To deliver a strategic multi-channel experience, you must have a presence on the right social media platforms to give you the opportunity. With the same community feeling, messaging, and branding across sites, you'll want the experience to be integrated. To reinforce the brand, engaging with your users as much as possible, and augmenting your social media with Messenger Chat to answer user questions, on-platform is recommended. Through Facebook Marketplace, Facebook Messenger, or Checkout on Instagram, certain platforms are even making in-app purchases possible. Before you dive into something that might not be right for your business, learn more about the demographic they serve.

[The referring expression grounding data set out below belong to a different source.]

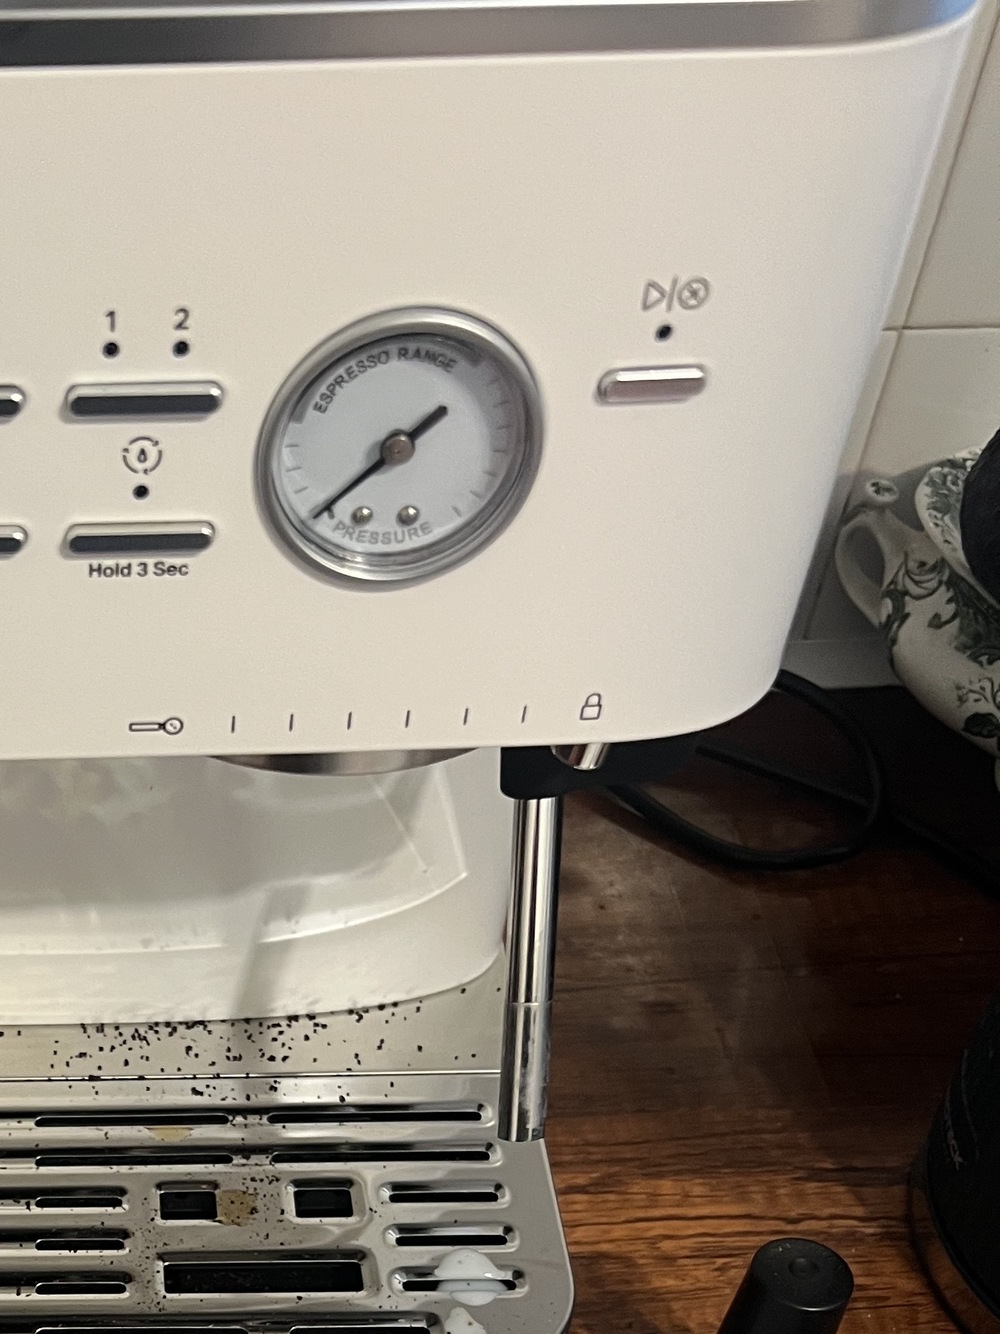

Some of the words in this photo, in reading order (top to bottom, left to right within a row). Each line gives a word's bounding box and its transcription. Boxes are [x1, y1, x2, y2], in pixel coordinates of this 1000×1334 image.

[105, 311, 117, 332] 1
[174, 308, 190, 331] 2
[313, 350, 390, 415] ESPRESSO
[397, 347, 457, 373] RANGE
[333, 520, 433, 545] PRESSURE
[88, 561, 132, 578] Hold
[136, 562, 149, 578] 3
[153, 561, 190, 578] Sec
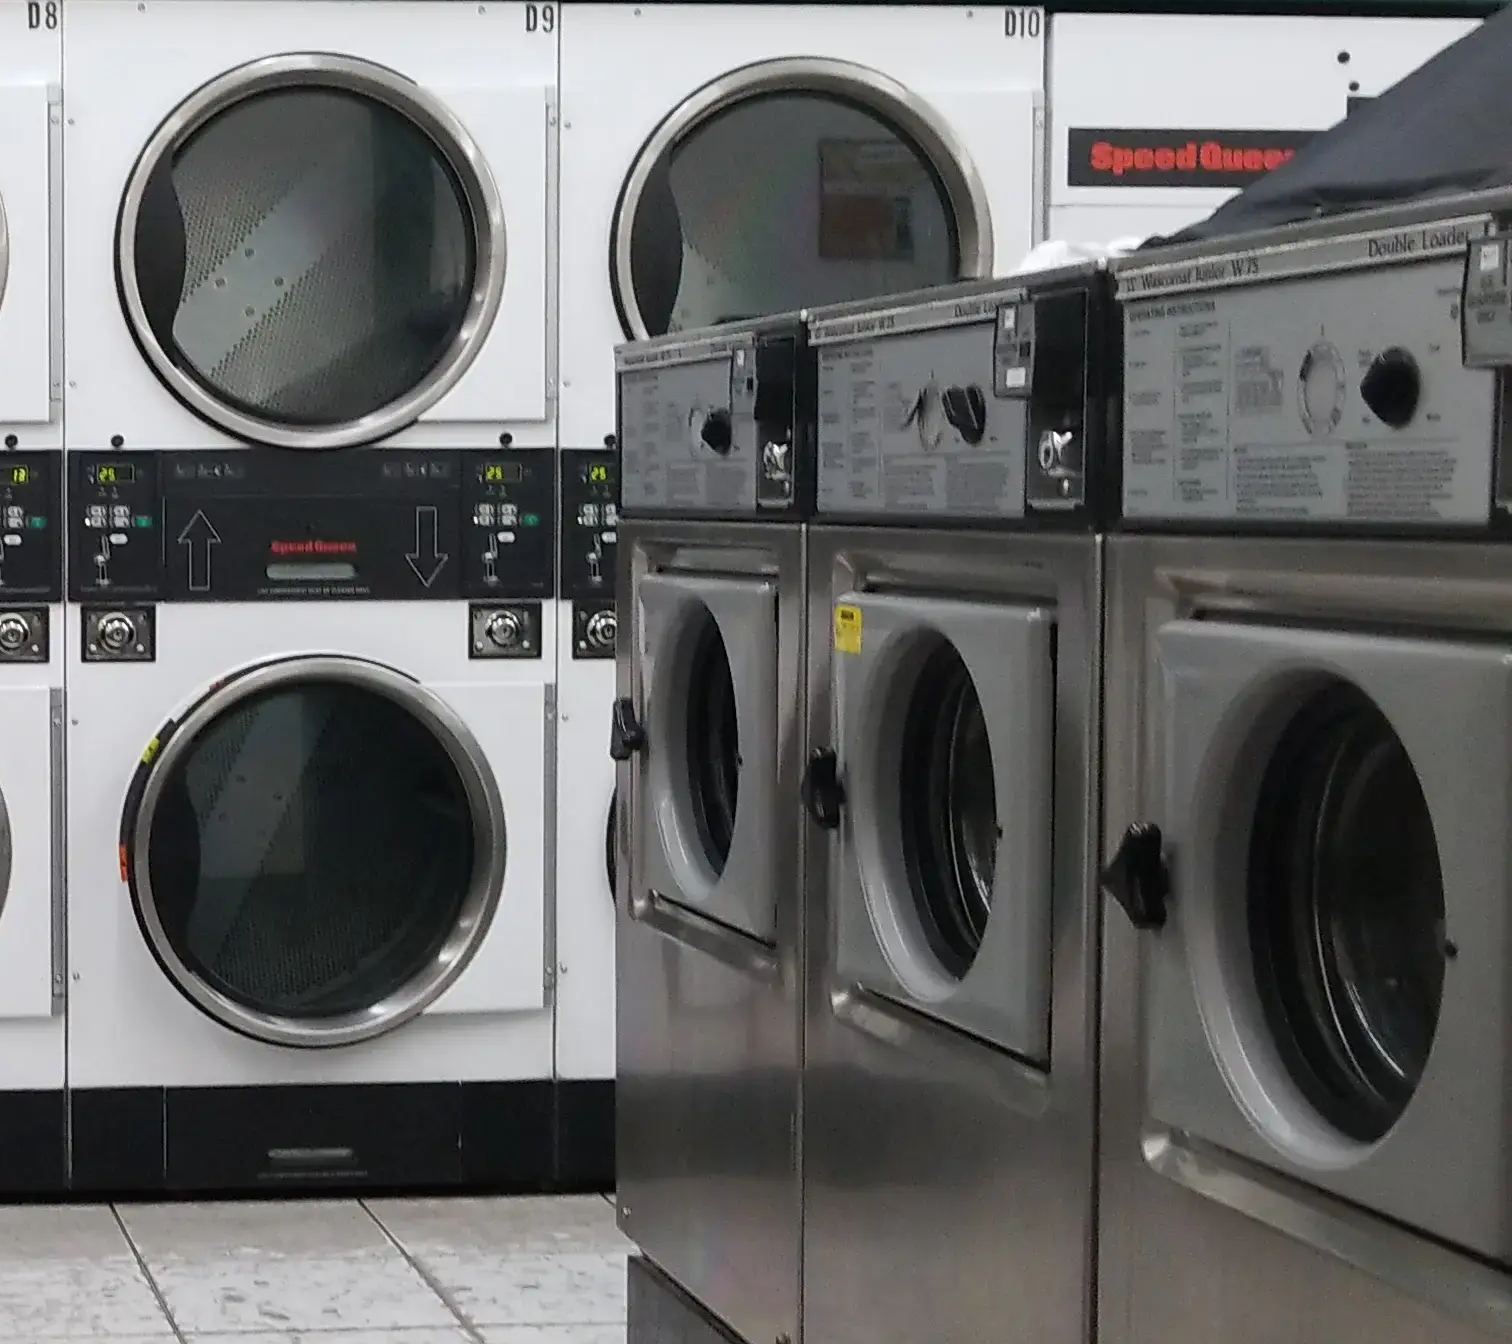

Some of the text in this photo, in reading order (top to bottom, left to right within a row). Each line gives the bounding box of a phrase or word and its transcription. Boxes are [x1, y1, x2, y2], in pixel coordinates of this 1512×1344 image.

Content created by your users can take you a long way. It provides social proof, it builds a community affinity, and it's more authentic. This all leads to rising shoppers' purchase intent. To create demand, build brand awareness, and showcase brand loyalty, you can use UGC, which then inspires others to share theirs as well. This helps solidify a relationship between your most loyal customers and you. To nudge shoppers into conversion, augmenting your website with some user-generated content can help as reading digital content from other people who also like the product can be reassuring.
Most have come to expect a personalized mobile experience. And it makes users more likely to come back. One way of creating personalized customer touchpoints and answering user questions in a useful and engaging way is through a quiz on your page. An interactive quiz lets consumers understand their unique needs and guides them in the correct direction for the right products for them. With up-selling, personalizing eCommerce pages usually help. By displaying more recommendations based on products you've purchased or viewed before, some eCommerce websites personalize product pages. Others give recommendations for products that are complementary to the one featured on the page. Personalization in email marketing refers to many different things. It starts with including your user's actual name in the greeting or subject line on the ground level. To optimize getting the correct offers to the correct people, you could also experiment with customer segmentation. And based on their interactions with the site, you can also trigger emails to shoppers. There are some really interesting things you can do with Ads, even though they might not seem like the most obvious things to personalize. Have you ever landed on a website that looks like it was talking to you directly? It helps with the recall of the brand. And especially if they abandoned a transaction, retargeting is another way to target those shoppers. When an ad is built in HTML5, it's not just an image, and that means it can be interactive and animated. That means, in addition to the one that had the most time spent on the page, the shopper sees a no. of different products. This will be the correct amount of targeting for some, a reminder of what else is available, what they were looking at, and a way to stalk them across the web with more than just one product.
Stay true to your brand's identity.
It's crucial that no matter what you pursue, it has to align with your brand identity. It's common for brands to get distracted and embrace shiny and new objects. Think of your vision, mission, brand personality, values, voice, and positioning. Consumers, at worst, will be confused if your digital experience doesn't align with your identity; at best, you're mostly not deepening their connection.